::: Data under study :::

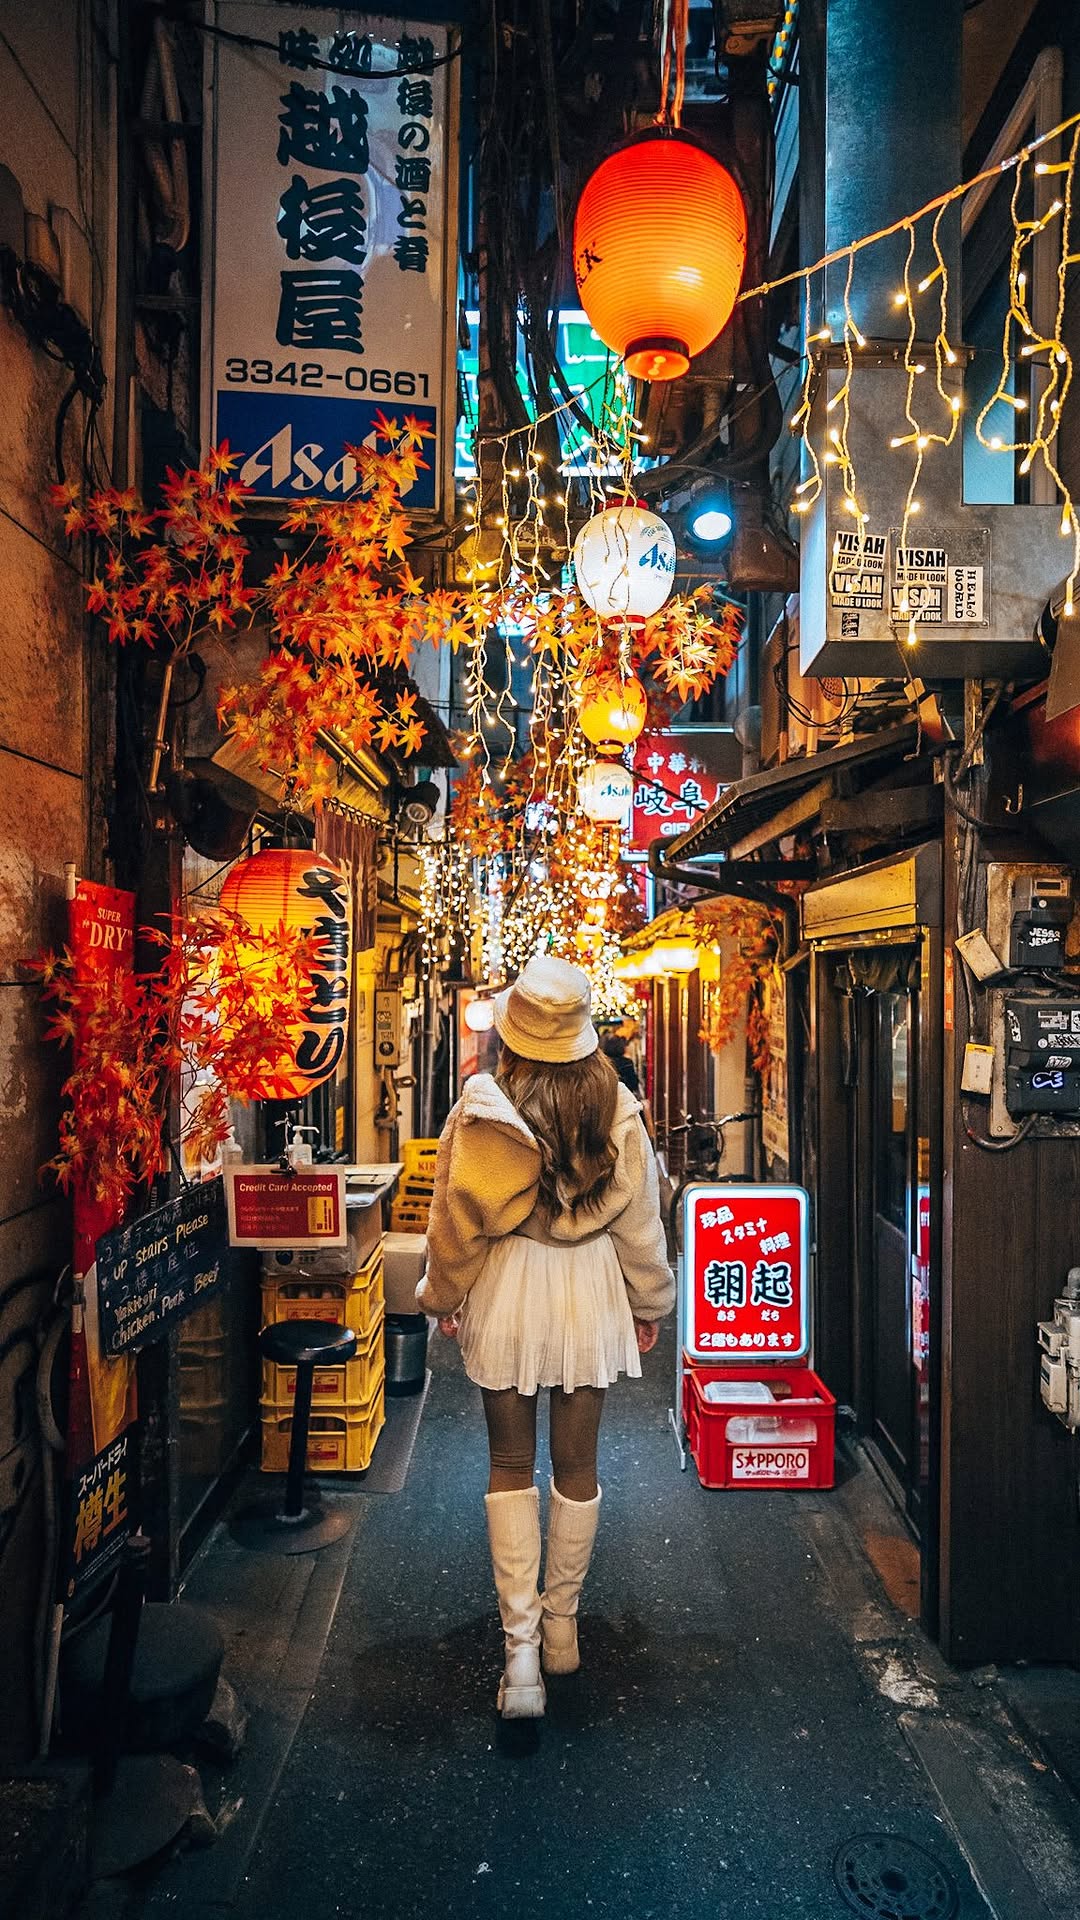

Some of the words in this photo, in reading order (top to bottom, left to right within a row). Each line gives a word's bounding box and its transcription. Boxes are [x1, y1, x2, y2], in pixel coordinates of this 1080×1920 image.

[276, 80, 370, 355] 越後屋
[225, 358, 429, 398] 3342-0661
[838, 533, 885, 554] VISAH
[898, 549, 946, 567] VISAH
[897, 572, 918, 581] MDE
[926, 573, 946, 582] LOOK
[862, 598, 882, 608] LOOK
[892, 588, 940, 606] VSAH
[97, 907, 121, 922] SUPER
[239, 1183, 266, 1192] Credit
[268, 1183, 289, 1192] Card
[291, 1182, 333, 1193] Accepted
[699, 1205, 735, 1229] 珍品
[721, 1217, 768, 1245] スタミナ
[758, 1231, 792, 1256] 料理
[705, 1261, 792, 1307] 朝起
[761, 1309, 779, 1322] だち
[78, 1437, 128, 1498] スーパードライ
[73, 1468, 128, 1564] 樽生

:::

• _What to produce_
Before copying, set the pictures aside; then reproduce each entry above exactly.

• _Written reply_
Some of the words in this photo, in reading order (top to bottom, left to right within a row). Each line gives a word's bounding box and its transcription. Boxes are [x1, y1, x2, y2], in pixel coordinates of this 1080×1920 image.

[276, 80, 370, 355] 越後屋
[225, 358, 429, 398] 3342-0661
[838, 533, 885, 554] VISAH
[898, 549, 946, 567] VISAH
[897, 572, 918, 581] MDE
[926, 573, 946, 582] LOOK
[862, 598, 882, 608] LOOK
[892, 588, 940, 606] VSAH
[97, 907, 121, 922] SUPER
[239, 1183, 266, 1192] Credit
[268, 1183, 289, 1192] Card
[291, 1182, 333, 1193] Accepted
[699, 1205, 735, 1229] 珍品
[721, 1217, 768, 1245] スタミナ
[758, 1231, 792, 1256] 料理
[705, 1261, 792, 1307] 朝起
[761, 1309, 779, 1322] だち
[78, 1437, 128, 1498] スーパードライ
[73, 1468, 128, 1564] 樽生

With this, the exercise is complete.